Tra i battiti elettronici che si palesano quasi con timidezza in sottofondo, o nelle strutture di pianoforte libere di sperimentare soluzioni ora cupe, ora ariose, emergono rilucenti le esecuzioni degli altri musicisti, ovvero Krista Sverrisdóttir (violino), Quynh Lephan (violoncello), Elis Marteinsson (violino), Nicolaj Nielsen (viola), in una sublimazione dell'intima purezza di questa musica che sembra quasi voler inseguire una chimera, e che invece si scopre ambiziosa ed avvolgente. Il peculiare fascino duale di questo flusso musicale è nel modo in cui riesce a fondere il classico ed il nuovo senza continuità, in un'unione tra analogico e digitale che similmente trasforma l'approccio di scrittura e assimilazione ad una lenta semina, in attesa del raccolto che verrà. E come grano sotto il sole, i brani di Ends creano rifrazioni di luce che si scorgono solo se si guarda dalla giusta angolazione, non avendo fretta di cogliere subito il pieno significato dell'opera, ma lasciando che siano i ripetuti ascolti a delineare di volta in volta una diversa chiave di lettura. Questo perchè, nella sua demolizione di una forma canzone tradizionale in favore di un suono libero da qualsiasi confine, l'album richiede all'ascoltatore piena partecipazione e rifiuta una selezione scelta.

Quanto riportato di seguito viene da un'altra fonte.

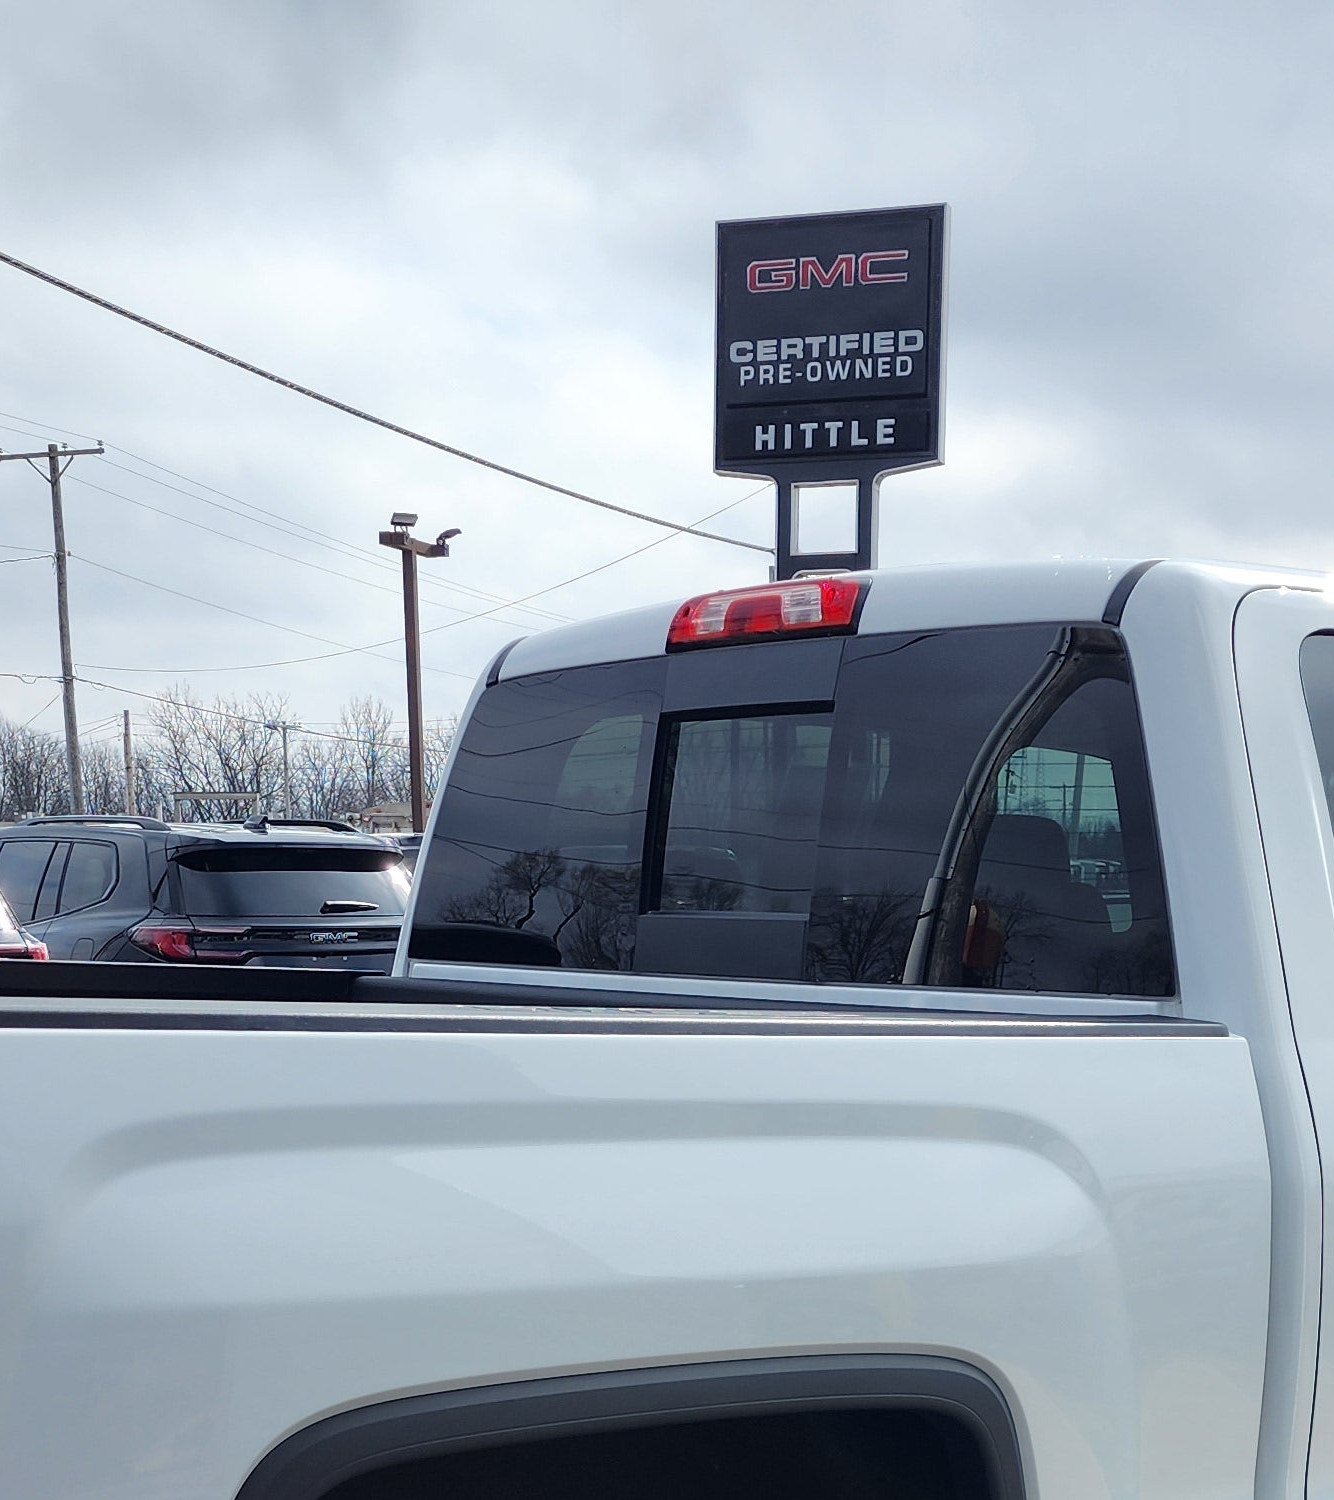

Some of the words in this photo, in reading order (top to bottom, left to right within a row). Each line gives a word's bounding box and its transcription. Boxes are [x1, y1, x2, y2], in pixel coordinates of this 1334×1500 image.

Non sono così soltanto otto le conclusioni suggerite dal titolo, ma forse una sola, ovvero quell'unica a cui giungerà chi, deciso a tornare al reale, solleverà la puntina dal giradischi o premerà stop sullo stereo. Difatti pur durando poco meno di 40 minuti, l'album ne sembra attraversare molte meno, in uno scambio equo con l'ascoltatore che, da parte sua, ottiene in questo breve lasso di tempo l'infinito vivere, reale o percepito che sia, dettato dall'attimo che in questa musica viene fermato. E se tanto viene agognato dalla società odierna, sovente soffocata da suoni e melodie di breve vita, è in album come Ends che questa riflessione porta a ritrovare i motivi per cui l'arte, in qualsiasi forma, è entità viva e simbolo ultimo delle capacità e della magnificenza umane. Vi chiedo quindi di farvi questo regalo, ascoltate ed acquistate questo album, lasciatelo scorrere attraverso di voi come ho fatto io, sentitene le vibrazioni, più che sulla pelle, dentro la vostra coscienza. Vi regalerà panorami d'inedita bellezza da portare e condividere con chi avete accanto, vi darà memorie, vi darà, semplicemente, speranza.